EMBER Architecture Enables Autonomous AI Agent Cognition via SNN

The EMBER architecture introduces a transformative paradigm for AI agent design, fundamentally re-envisioning the relationship between large language models (LLMs) and memory. Instead of merely augmenting an LLM with retrieval tools, EMBER positions the LLM as a replaceable reasoning engine within a persistent, biologically-grounded associative substrate: a spiking neural network (SNN). This shift moves towards genuine autonomous cognitive behavior, where the SNN drives the LLM's actions rather than merely responding to external prompts.

Central to EMBER is a 220,000-neuron SNN, engineered with spike-timing-dependent plasticity (STDP) and a four-layer hierarchical organization spanning sensory, concept, category, and meta-pattern processing. This SNN is designed for reward-modulated learning and maintains inhibitory E/I balance, mimicking key aspects of biological brains. A novel z-score standardized top-k population code efficiently encodes text embeddings into the SNN, achieving an impressive 82.2% discrimination retention across varying embedding dimensionalities. This technical foundation enables the SNN to build robust, dimension-independent associative memories.

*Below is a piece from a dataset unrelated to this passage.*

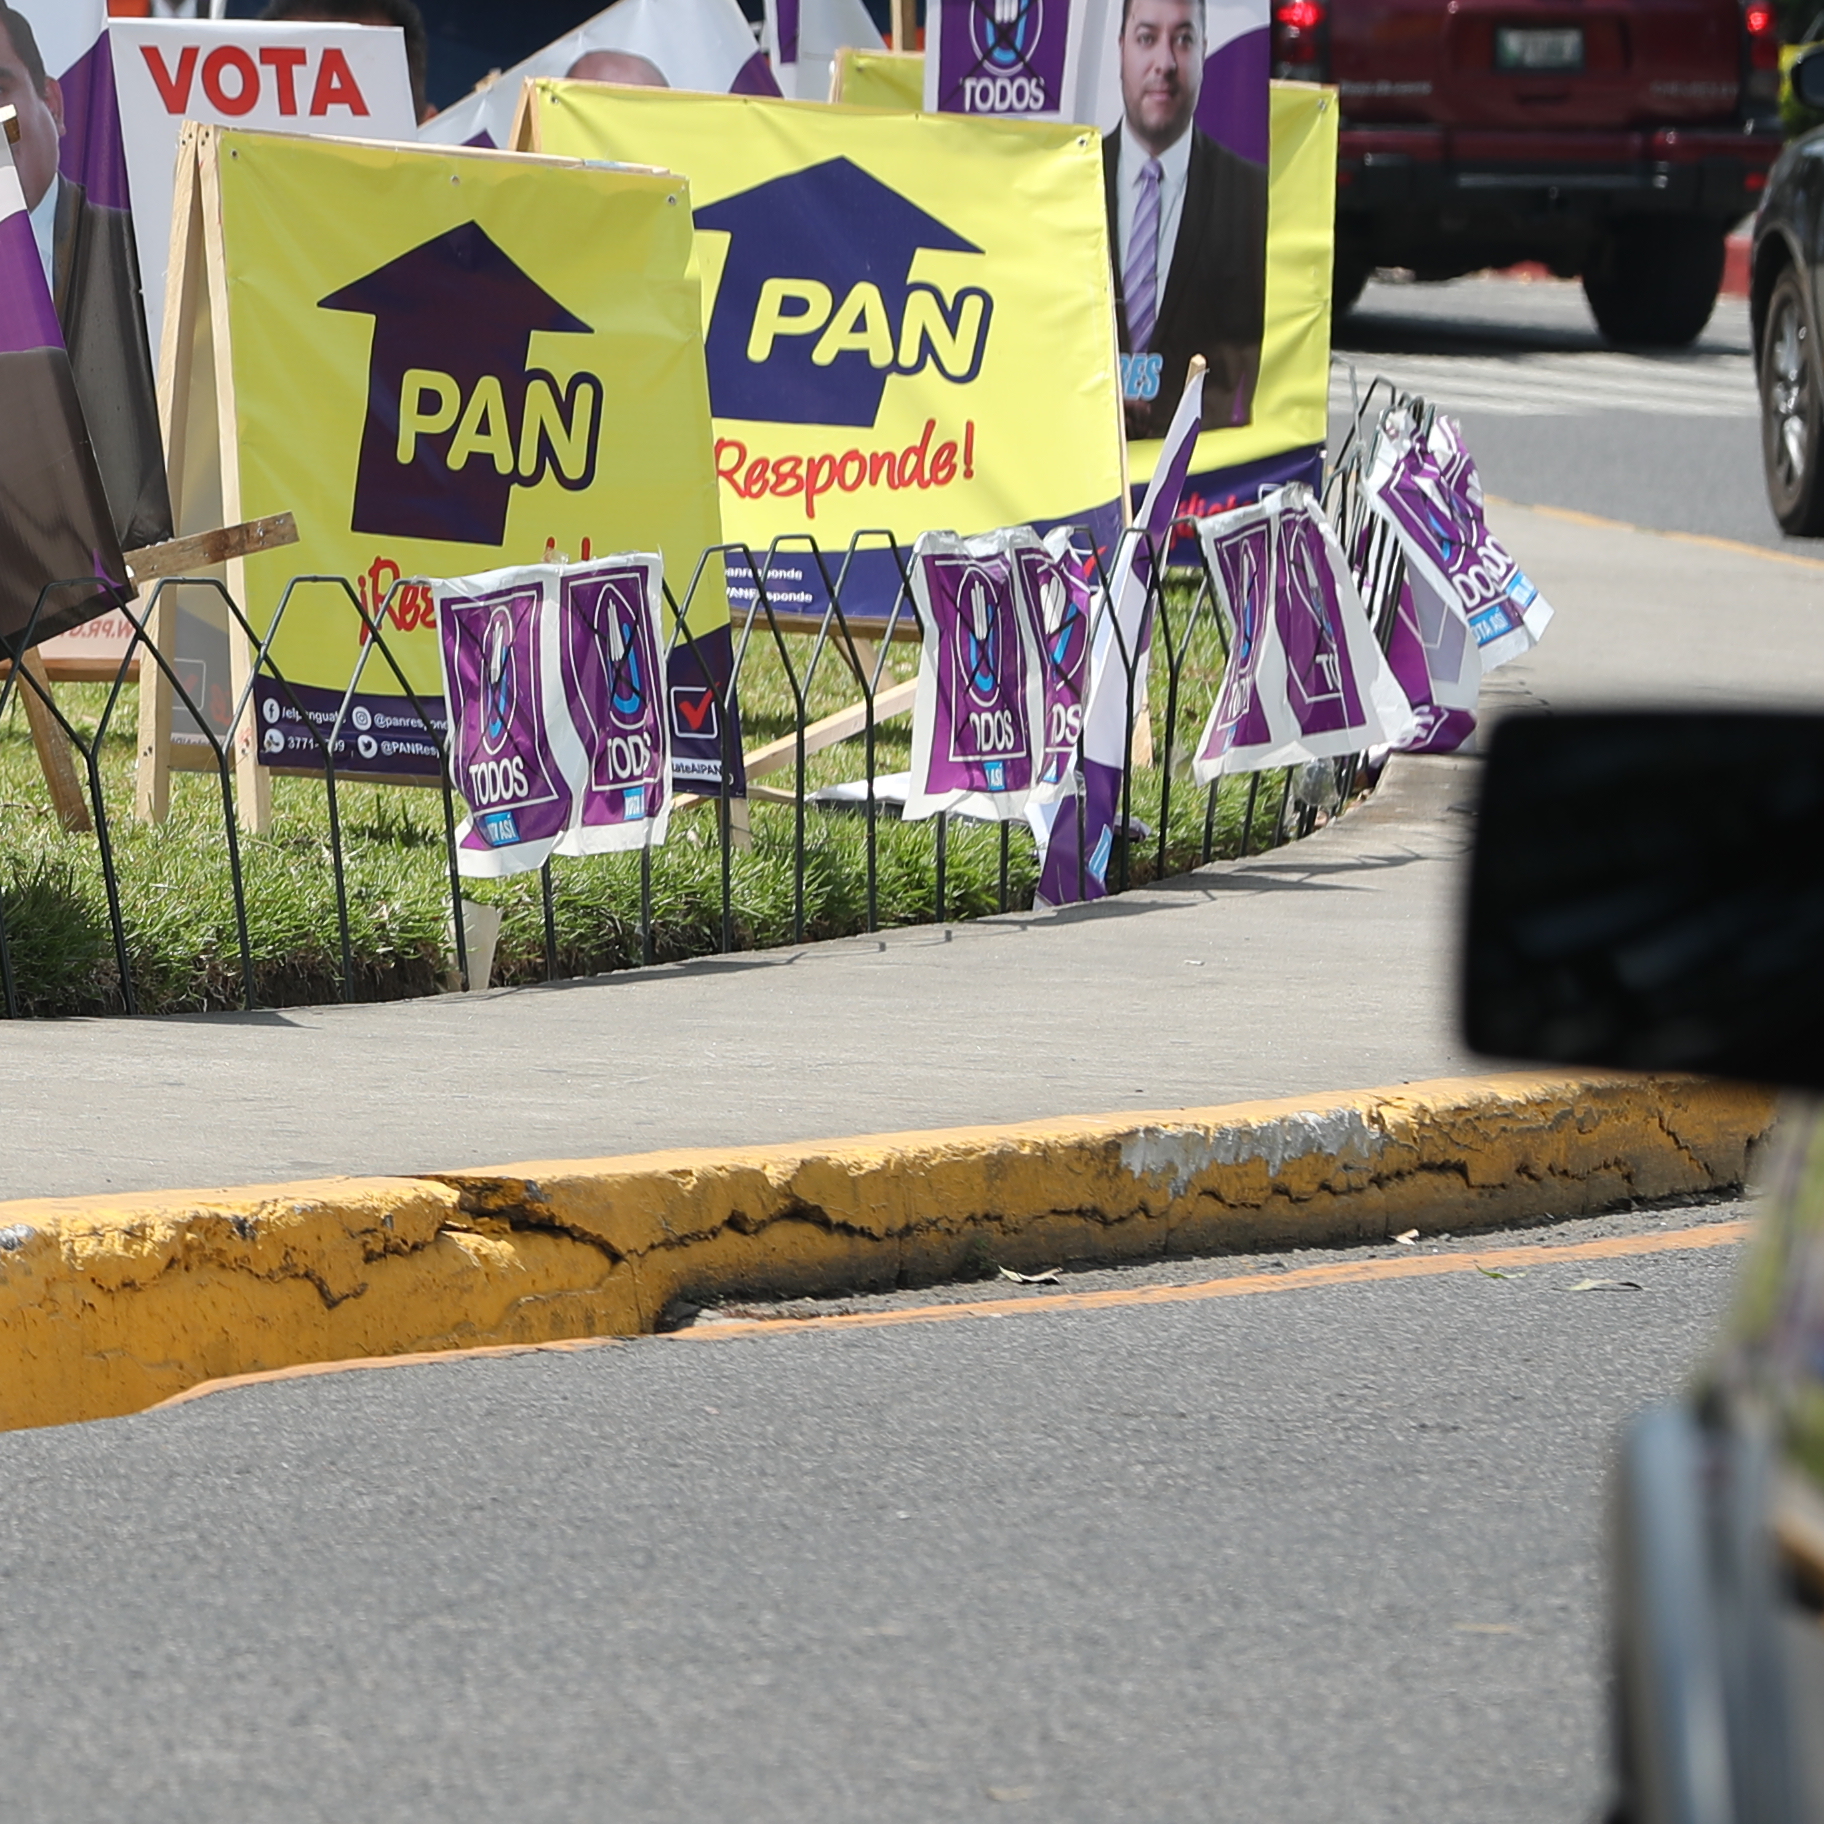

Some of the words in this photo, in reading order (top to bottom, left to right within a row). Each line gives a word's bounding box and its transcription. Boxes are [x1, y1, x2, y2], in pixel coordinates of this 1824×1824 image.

The most significant implication is the SNN's capacity for autonomous action initiation. EMBER demonstrates that STDP lateral propagation during idle operation can trigger and shape LLM actions without explicit external prompting or scripted rules. The SNN independently determines when to act and which associations to surface, while the LLM then selects the action type and generates content. A compelling example involved the system autonomously initiating contact with a user after learned person-topic associations fired during an 8-hour idle period. Furthermore, the first SNN-triggered action occurred after only seven conversational exchanges from a clean slate, highlighting its rapid learning and emergent capabilities. This architecture pushes the boundaries of AI autonomy, promising agents that can learn, associate, and act with a level of independence previously confined to theoretical discussions, but also introduces new challenges for control and alignment.